Mary Harney: the gutsiest politician of her generation

MARY Harney's ann­ouncement that she was exiting political life hardly came as a shock. Since the de­mise of the PDs, there was an inevitability that Harney would not contest another general election. The only surprise was that she left it so late in the day to reveal her decision.


That it was the correct decision is hardly beyond question. After 34 years in public life, there was nothing left for Harney to achieve and, to the outside observer at least, she does not appear to be the politician she once was.


Harney was arguably the gutsiest politician of her generation. The examples are numerous: she was barely out of college when she was standing up to Charlie Haughey, a Fianna Fáil leader who left most of his party's TDs quaking in their boots. She was finally booted out of Fianna Fáil for opposing the party's ridiculous stance on the Anglo-Irish agreement and encouraged fellow Fianna Fáil rebel Des O'Malley to establish the Progressive Democrats – she would later succeed O'Malley as leader, becoming the first woman to head a political party. As a junior minister for the environment in the first FF-PD coalition, she faced down a powerful lobby group to introduce a ban on bituminous coal.


She was one of the first politicians to raise the difficulties inherent in the way the single mothers' allowance scheme operated – although the knee-jerk and ill-thought out response to her intervention caused the PDs massive political problems at the height of the 1997 general election campaign. As enterprise and employment minister, she faced down the legal lobby by introducing the Personal Injuries Assessment Board.


In 2004, she also volunteered to take on the most difficult job in Irish politics – a position nobody else wanted – by becoming minister for health. Her logic was simple: she believed her role in politics was to implement change and the department most in need of change was health, so she went for it.


With, it has to be said, decidedly mixed results. But that is more a reflection of the enormous difficulties in that job than on her abilities.


In retrospect, there may have been a certain amount of naivety about Harney's approach to taking the Health portfolio. She believed she could do in Health what she did with smog in Dublin or the PIAB. But the issues proved far, far more complex. It's hard to change a system when virtually everybody who works in it is resisting that change and when a large chunk of your time is spent fire-fighting.


Despite her declaration of a 'national emergency', the A&E and patients-on-trolleys problems in certain hospitals remain as intractable as ever and the disparity between the public and private systems is as vast as it was when Harney took over.


But there have been notable successes. Huge advances have been made in cancer care, with local vested interests faced down over the centres of excellence. A new consultants' contract was finally agreed, albeit at too high a price. Harney grasped the nettle of long-term nursing home care with her 'fair deal' proposal. And when Fianna Fáil deputies were losing their nerve the summer before last, Harney held hers and faced down the pharmacists – a vested interest that for years successive ministers had shied away from tackling.
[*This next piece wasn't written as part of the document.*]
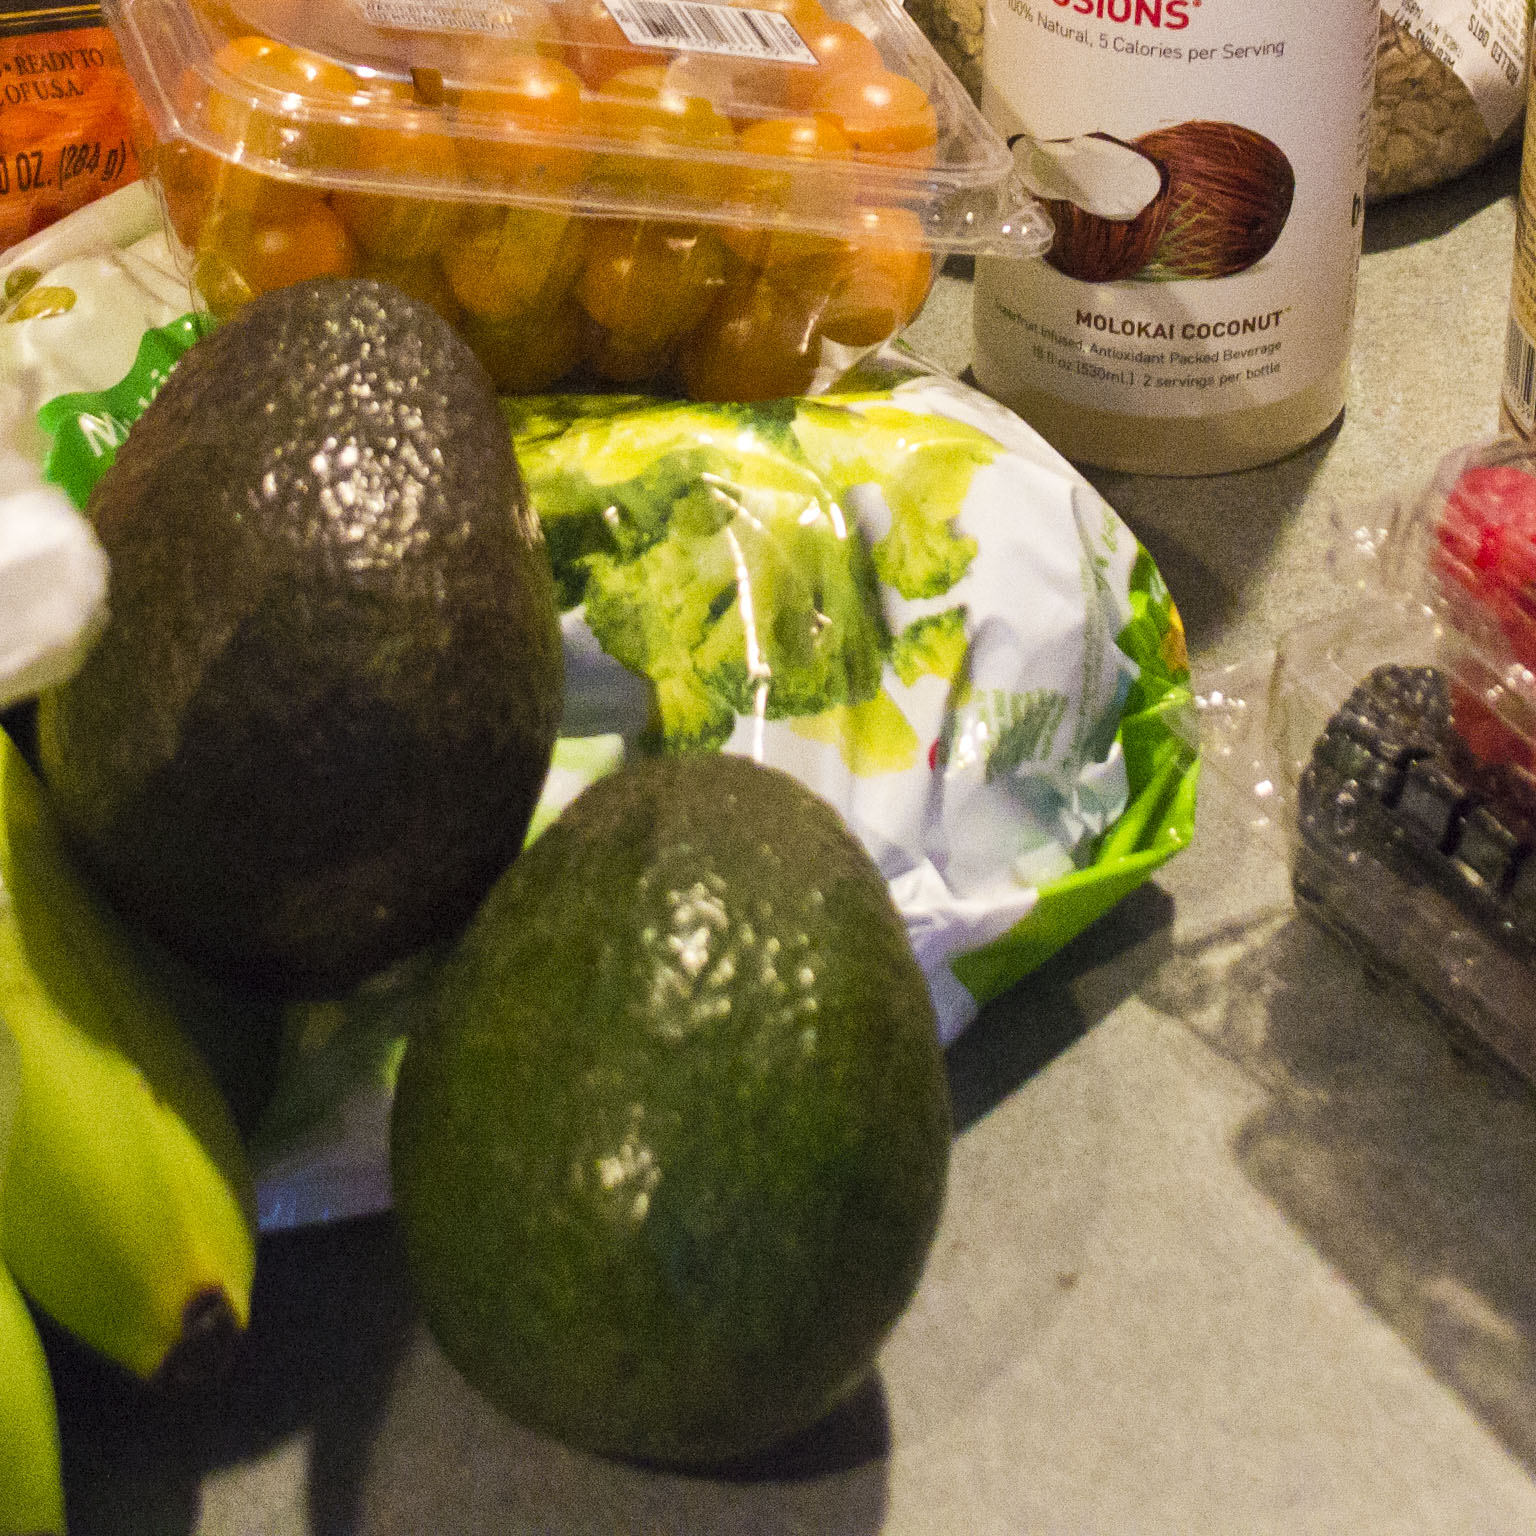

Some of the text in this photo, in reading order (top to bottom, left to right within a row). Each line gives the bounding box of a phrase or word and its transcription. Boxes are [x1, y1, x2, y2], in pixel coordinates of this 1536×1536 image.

Because of the economic collapse, we'll never know if her co-location policy would have achieved its goal of freeing up beds in public hospitals. But whether you agree or disagree with it as a policy, at least it was a genuine effort to address a problem – something which previous ministers had not done.


The paucity of alternative solutions was highlighted during the last general election campaign. Health was viewed as a potential Achilles heel for the government going into that campaign but Harney won every radio and TV debate in which she participated.


As with any political career, there are 'what if's'. Her biggest mistake arguably was staying in Enterprise and Employment for another two years after the 2002 election triumph for the PDs. The original plan was that Harney would take the Transport ministry with a view to fast-tracking the Dublin metro and deregulating the bus market. But she changed her mind at the last minute. One wonders would the PDs' performance in the 2007 general election have been different if, as transport minister, Harney had reformed the bus sector and delivered a metro system for the capital.


Instead, with its two cabinet ministers tied up in two of the most politically contentious departments (Harney in Health and Michael McDowell in Justice), the PDs lost their way in that 2002-2007 period. And it wasn't just the lack of radical new policies. One of the party's founding principles was to keep a tight rein on public finances but that went out the window when the huge tax revenues generated by the property boom started to flood in.


For that reason, some of the criticism of the PDs' role in our economic collapse is warranted. But the same party also helped bring an economic realism to politics in the dark 1980s and that should not be ignored.


Harney's popularity inevitably suffered because of her tenure in the dep­artment famously dubbed 'Angola' by Brian Cowen. But despite all the crises she faced, she still retained the respect of large sections of the electorate, who admired her integrity and her courage. She may not have been a massive vote-getter but after her unsuccessful attempt at getting elected in Dublin South-East in 1977, she was returned to the Dáil in nine successive elections.


Many of those were as a PD candidate in a constituency where the party would not have been strong. The electorate liked what it saw and heard from Harney. Her party may have simplistically been regarded as elitist but that charge could never have been levelled at Harney. She called it as she saw it and more often than not she was right. The 31st Dáil will be considerably poorer for her absence.